Data extracts Start Marker
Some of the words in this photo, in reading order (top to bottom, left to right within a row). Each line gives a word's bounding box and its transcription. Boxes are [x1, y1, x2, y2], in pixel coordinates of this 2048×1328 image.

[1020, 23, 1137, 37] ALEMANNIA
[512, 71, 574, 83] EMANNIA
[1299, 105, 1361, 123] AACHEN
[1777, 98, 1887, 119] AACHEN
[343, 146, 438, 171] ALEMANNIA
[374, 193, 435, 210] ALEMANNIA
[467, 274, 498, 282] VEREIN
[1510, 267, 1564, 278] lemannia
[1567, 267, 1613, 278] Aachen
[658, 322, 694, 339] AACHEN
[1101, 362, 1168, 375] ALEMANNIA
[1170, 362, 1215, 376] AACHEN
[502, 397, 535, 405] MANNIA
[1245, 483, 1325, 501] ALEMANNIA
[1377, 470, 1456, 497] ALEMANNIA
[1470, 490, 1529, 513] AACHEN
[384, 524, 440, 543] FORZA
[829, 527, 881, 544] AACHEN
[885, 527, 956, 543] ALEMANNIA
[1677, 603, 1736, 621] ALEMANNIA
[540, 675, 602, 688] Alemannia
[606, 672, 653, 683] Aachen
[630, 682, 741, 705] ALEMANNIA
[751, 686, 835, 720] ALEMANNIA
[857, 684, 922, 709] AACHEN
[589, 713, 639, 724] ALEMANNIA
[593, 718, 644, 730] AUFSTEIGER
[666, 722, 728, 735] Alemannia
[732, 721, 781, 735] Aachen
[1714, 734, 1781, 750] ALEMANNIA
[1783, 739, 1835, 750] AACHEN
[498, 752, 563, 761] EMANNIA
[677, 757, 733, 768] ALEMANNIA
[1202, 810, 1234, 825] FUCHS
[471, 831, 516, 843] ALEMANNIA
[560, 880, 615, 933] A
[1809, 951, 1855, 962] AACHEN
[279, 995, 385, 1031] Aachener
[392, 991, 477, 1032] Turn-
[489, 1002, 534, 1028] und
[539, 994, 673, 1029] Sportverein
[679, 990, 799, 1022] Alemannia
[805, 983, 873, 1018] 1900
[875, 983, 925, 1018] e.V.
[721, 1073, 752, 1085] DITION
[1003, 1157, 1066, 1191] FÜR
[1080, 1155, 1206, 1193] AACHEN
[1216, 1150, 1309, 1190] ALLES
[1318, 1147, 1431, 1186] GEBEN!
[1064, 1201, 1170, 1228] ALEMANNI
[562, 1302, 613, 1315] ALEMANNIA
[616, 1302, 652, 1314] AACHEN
Data extracts End Marker
**Task item**
All of the lines above must be returned exactly as they stand.

**Problem solution**
Some of the words in this photo, in reading order (top to bottom, left to right within a row). Each line gives a word's bounding box and its transcription. Boxes are [x1, y1, x2, y2], in pixel coordinates of this 2048×1328 image.

[1020, 23, 1137, 37] ALEMANNIA
[512, 71, 574, 83] EMANNIA
[1299, 105, 1361, 123] AACHEN
[1777, 98, 1887, 119] AACHEN
[343, 146, 438, 171] ALEMANNIA
[374, 193, 435, 210] ALEMANNIA
[467, 274, 498, 282] VEREIN
[1510, 267, 1564, 278] lemannia
[1567, 267, 1613, 278] Aachen
[658, 322, 694, 339] AACHEN
[1101, 362, 1168, 375] ALEMANNIA
[1170, 362, 1215, 376] AACHEN
[502, 397, 535, 405] MANNIA
[1245, 483, 1325, 501] ALEMANNIA
[1377, 470, 1456, 497] ALEMANNIA
[1470, 490, 1529, 513] AACHEN
[384, 524, 440, 543] FORZA
[829, 527, 881, 544] AACHEN
[885, 527, 956, 543] ALEMANNIA
[1677, 603, 1736, 621] ALEMANNIA
[540, 675, 602, 688] Alemannia
[606, 672, 653, 683] Aachen
[630, 682, 741, 705] ALEMANNIA
[751, 686, 835, 720] ALEMANNIA
[857, 684, 922, 709] AACHEN
[589, 713, 639, 724] ALEMANNIA
[593, 718, 644, 730] AUFSTEIGER
[666, 722, 728, 735] Alemannia
[732, 721, 781, 735] Aachen
[1714, 734, 1781, 750] ALEMANNIA
[1783, 739, 1835, 750] AACHEN
[498, 752, 563, 761] EMANNIA
[677, 757, 733, 768] ALEMANNIA
[1202, 810, 1234, 825] FUCHS
[471, 831, 516, 843] ALEMANNIA
[560, 880, 615, 933] A
[1809, 951, 1855, 962] AACHEN
[279, 995, 385, 1031] Aachener
[392, 991, 477, 1032] Turn-
[489, 1002, 534, 1028] und
[539, 994, 673, 1029] Sportverein
[679, 990, 799, 1022] Alemannia
[805, 983, 873, 1018] 1900
[875, 983, 925, 1018] e.V.
[721, 1073, 752, 1085] DITION
[1003, 1157, 1066, 1191] FÜR
[1080, 1155, 1206, 1193] AACHEN
[1216, 1150, 1309, 1190] ALLES
[1318, 1147, 1431, 1186] GEBEN!
[1064, 1201, 1170, 1228] ALEMANNI
[562, 1302, 613, 1315] ALEMANNIA
[616, 1302, 652, 1314] AACHEN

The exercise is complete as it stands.